Lung cancer and chronic respiratory diseases are among the leading causes of death worldwide. Key factors in their pathogenesis include reactive oxygen species (ROS), transforming growth factor-β1 (TGF-β1) and epithelial-mesenchymal transition (EMT). Exogenous antioxidants can mitigate the oxidative stress that drives TGF-β1-mediated respiratory pathologies. Given their role in cellular communication and natural biocompatibility, extracellular vesicles (EVs) are emerging as promising candidates for the delivery of therapeutic cargo to pathological cells. Notably, microalgal-derived EVs (i.e., nanoalgosomes) have been shown to exhibit antioxidant and anti-inflammatory activity. In this study, the bioactivity of EVs derived from Tetraselmis chuii (CCAP 66/21B) was investigated in a bleomycin-stressed (8 µg mL^-1) human adenocarcinoma alveolar epithelial cell model (A549).
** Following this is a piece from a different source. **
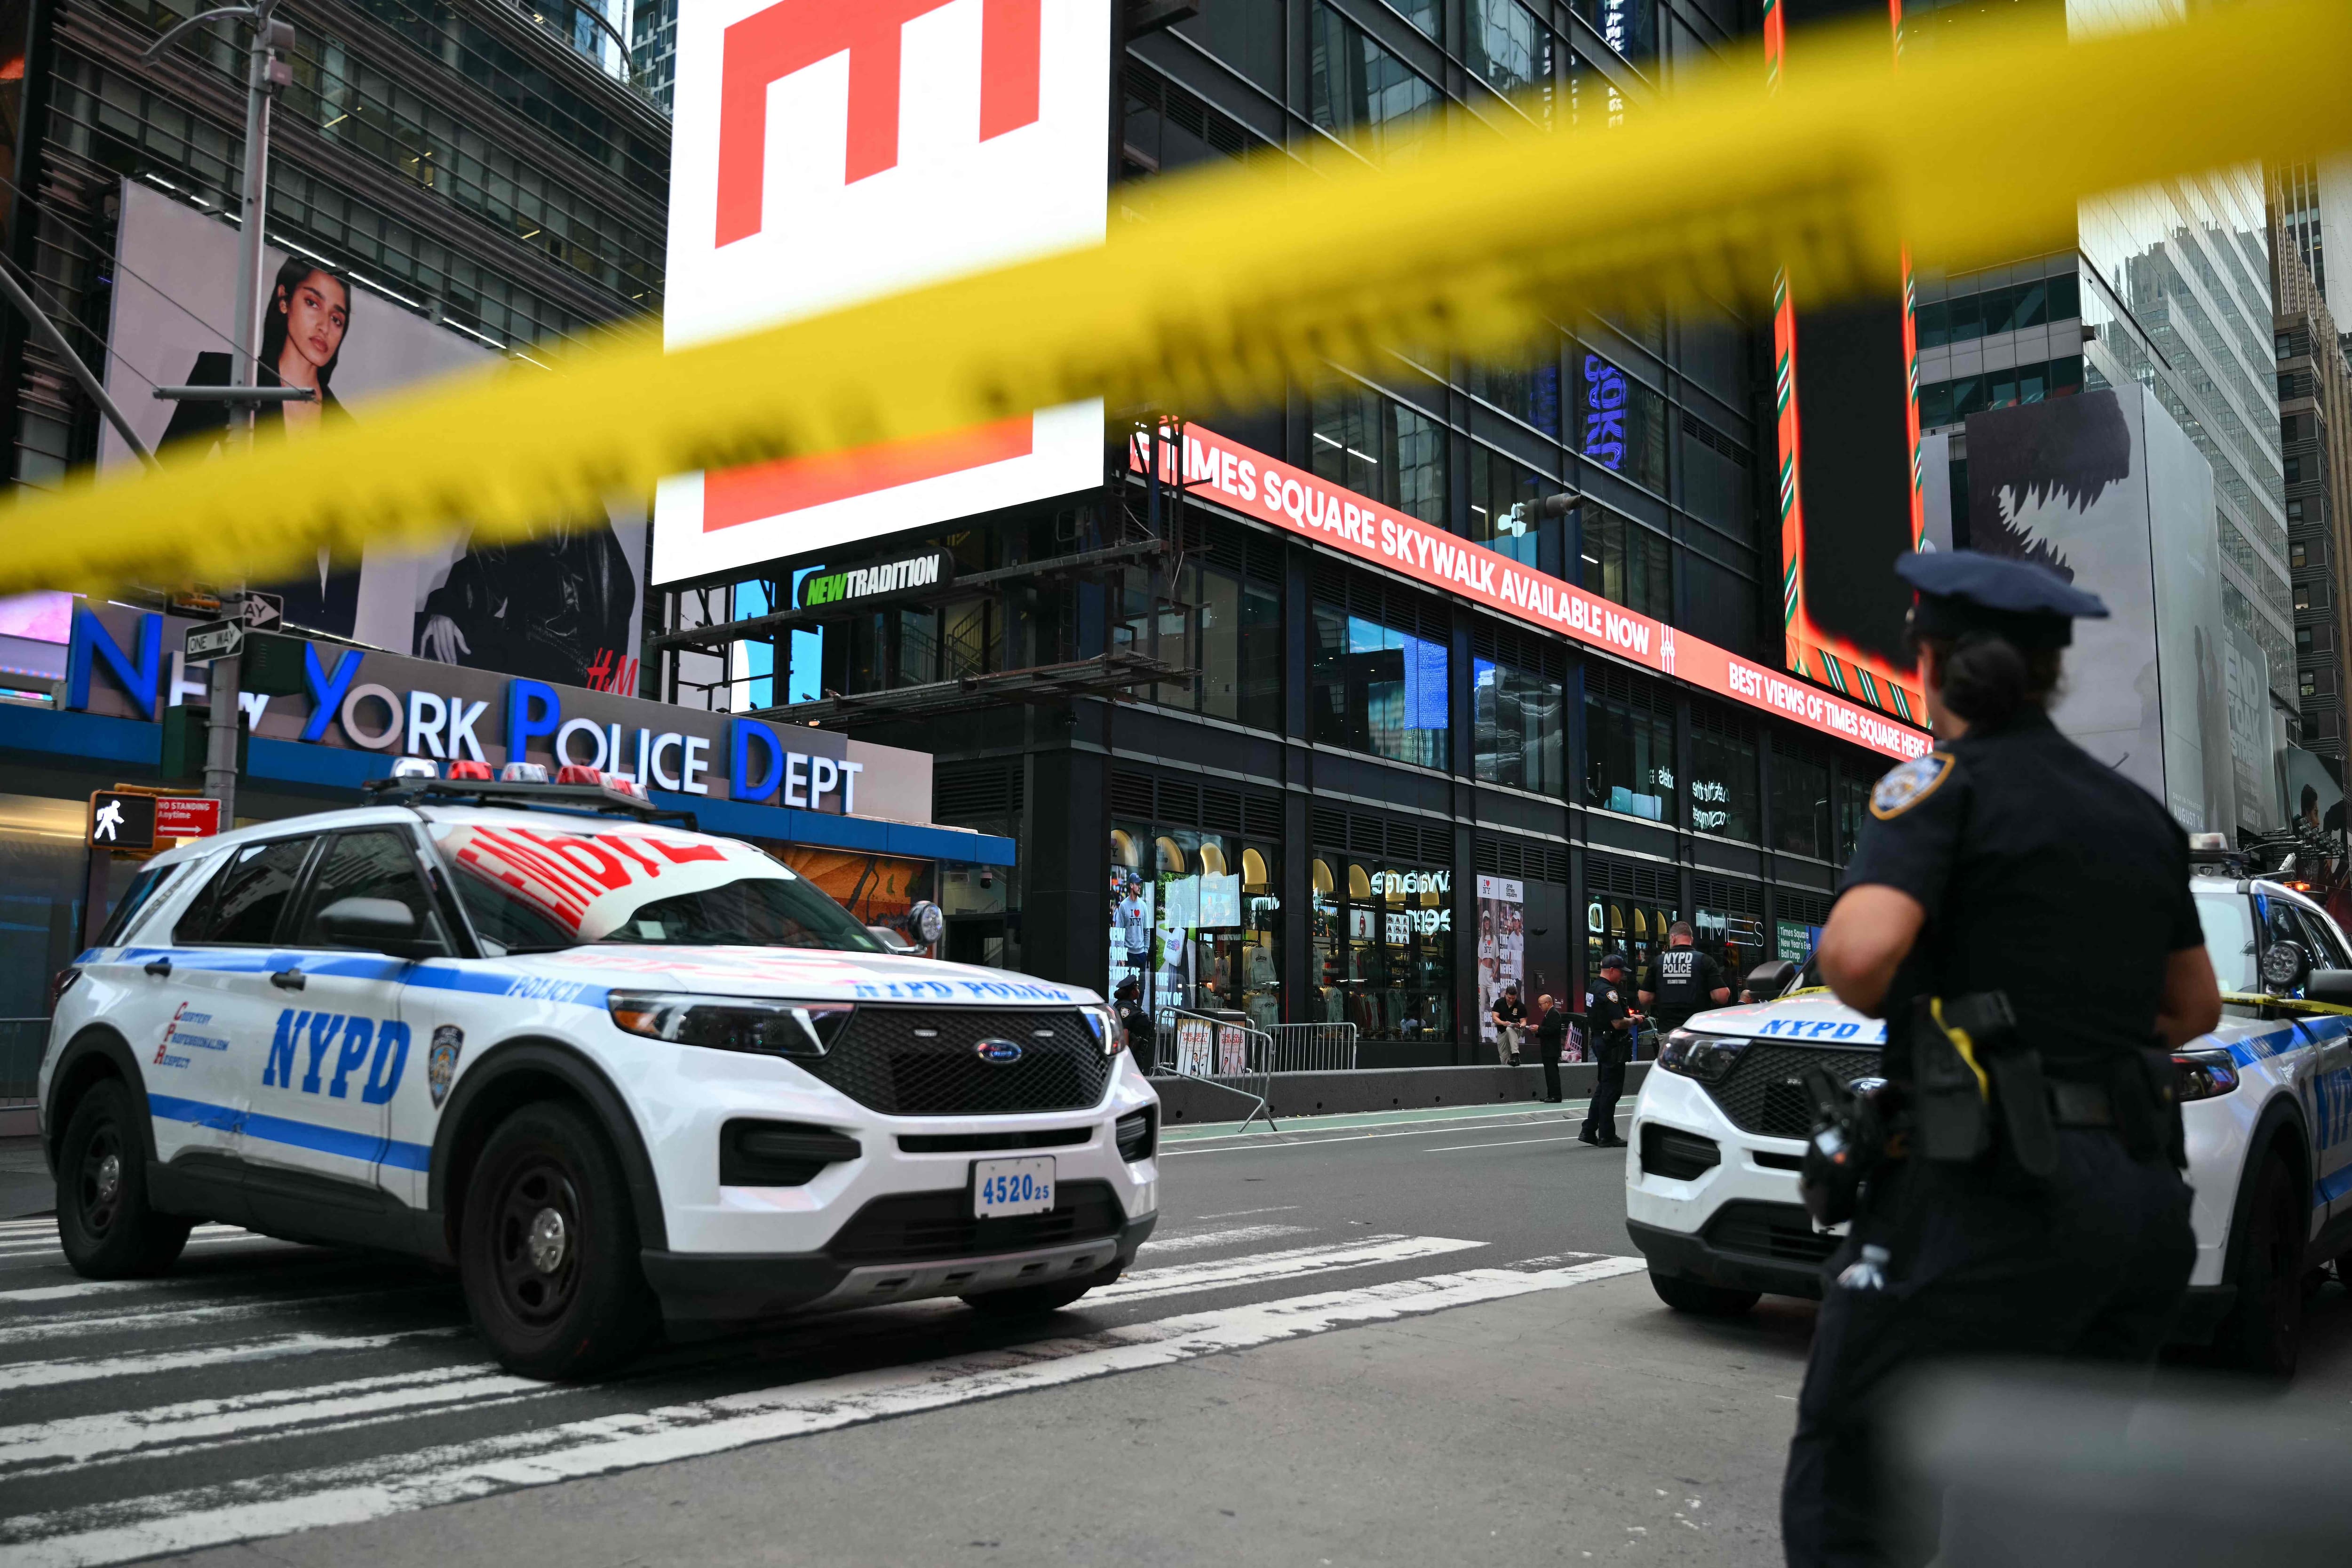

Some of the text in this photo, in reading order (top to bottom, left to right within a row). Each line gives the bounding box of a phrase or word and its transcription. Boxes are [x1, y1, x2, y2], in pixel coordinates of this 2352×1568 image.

Moreover, the effects of these EVs were compared to liposomes loaded with established therapeutics (pirfenidone and quercetin), synthesised using the lipid film hydration method. In vitro assessments included cell viability (MTS), intracellular ROS, morphological changes, cell migration, EMT-related mRNA expression (qPCR), and TGF-β1 release (ELISA). Both the EVs (nanoalgosomes) and pirfenidone- and quercetin-loaded liposomal nanocarriers (1-4 µg mL^-1) effectively attenuated bleomycin-induced EMT, inhibited cell migration, suppressed profibrotic TGF-β1, lowered intracellular ROS and upregulated glutathione peroxidase 4 (GPX4). Importantly, the innate bioactive cargo of the naturally derived nanoalgosomes exhibited comparable effects to the liposome therapeutic formulations in mitigating bleomycin-induced stress in A549 cells.